The Bible recognizes differences between men and women while affirming that both are created in God’s image. The relationship between God and man is analogous to that of husband and wife. Payne acknowledges the analogy but carries it too far with speculations about gender that have no biblical warrant.

Love and acceptance of self. Payne sees a failure of self-love and self-acceptance as a major barrier to "inner healing." She believes a proper love of self is necessary in order to be able to love God and others. While recognizing man’s need to be reconciled to God, Payne also proposes a need to mend the relationship "between oneself and one’s innermost being." The relationship between self and self seems more important to Payne than the relationship between self and God. Christ’s atonement is viewed primarily as taking away emotional pain rather than making the sacrifice required for sin. Payne sees man as injured rather than guilty.

There is nothing whatsoever in Scripture that can be construed as requiring a love of self in order to love God. Jesus specifically stated that the TWO (not three) greatest commandments were to love God and to love others as self, i.e., as much as we already naturally love ourselves. According to the Bible, no one has ever hated his own flesh (Ephesians 5:29).

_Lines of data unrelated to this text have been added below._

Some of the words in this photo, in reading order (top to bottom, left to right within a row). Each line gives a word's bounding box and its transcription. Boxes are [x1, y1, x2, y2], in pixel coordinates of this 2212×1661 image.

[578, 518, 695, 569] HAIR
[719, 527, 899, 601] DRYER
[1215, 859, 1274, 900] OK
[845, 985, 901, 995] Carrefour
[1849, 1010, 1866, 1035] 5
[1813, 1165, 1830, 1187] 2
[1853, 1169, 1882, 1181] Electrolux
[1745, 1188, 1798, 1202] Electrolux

Identity and the "true self." Payne repeatedly refers to a "true self" or "higher self" buried beneath layers of "false selves" which are "not real." She sees man’s fundamental problem as a separation from this "true self," obscuring the biblical truth about man’s separation from God as the result of sin. The "integration" of "scattered, unaffirmed" parts of self is held up as a primary goal in counseling. Payne claims to root "identity" in God rather than in other people, yet her focus on searching within for the "true self" overshadows the biblical requirement to know, love, and serve God.

Memories. Payne asserts that a "psycho-logical healing" of past memories must occur before spiritual concerns about sin can be addressed. Her "healing of memories" is allegedly the application of God’s forgiveness of sin at the level of the "unconscious." Forgiveness of others is centered on benefits to self rather than restoration of others. The sins of others, deeply buried or "repressed" in the "unconscious," are seen as the cause of current sinful behavior. The biblical view of man’s sin is turned upside down. People are burdened with the requirement to retrieve and "heal" long-repressed memories in order to move forward with their lives. One cannot help but wonder why the apostle Paul never mentioned "inner healing" in ancient Corinth, where sin ran rampant. Surely some of the Corinthian believers had been sinned against, growing up in that wicked city!

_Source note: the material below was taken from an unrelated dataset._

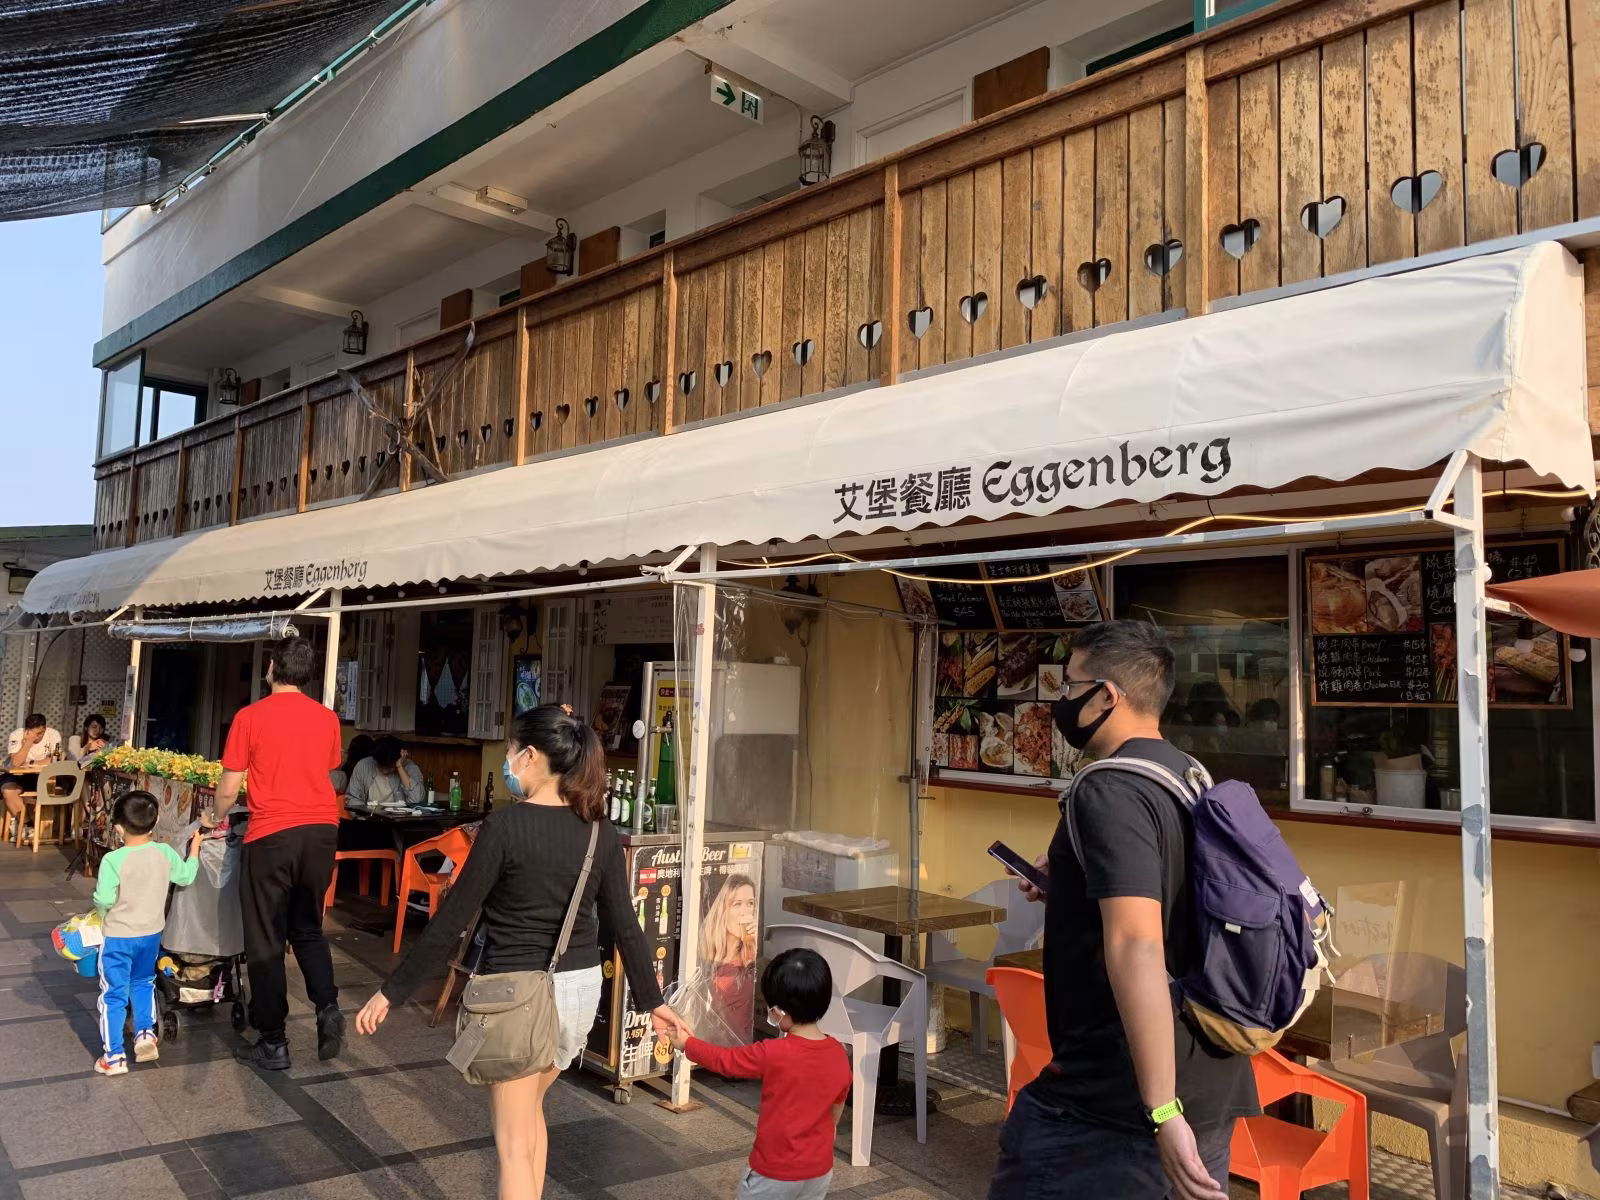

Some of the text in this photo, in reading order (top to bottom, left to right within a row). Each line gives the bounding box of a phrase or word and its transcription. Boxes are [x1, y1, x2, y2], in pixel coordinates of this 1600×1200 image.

Homosexuality. Payne rightly rejects the modern demand to accord homosexuality the status of a legitimate alternative lifestyle. She acknowledges that it is sin but simultaneously insists that it is a "psychological sickness" usually rooted in some parental failure from early childhood. She applies her theories about separation from self and "gender imbalance" to explain homosexual behavior, then asserts that a "healing of memories" is needed.

Conclusion. In spite of much Christian terminology, Leanne Payne has taken an essentially Freudian-Jungian psychological approach to counseling and sugar coated it with references to the Holy Spirit and the presence of God. Separation from self replaces separation from God in her diagnosis of man’s fundamental problem. "Healing of memories" becomes a substitute for the gospel message of redemption. Homosexuality is seen as sin plus sickness. Revelation is an entirely subjective matter for Payne, who believes that an individual’s dreams may be a valid way to receive truth from God. This approach to "healing the pain" must be rejected as an erroneous substitute for God’s plan of redemption.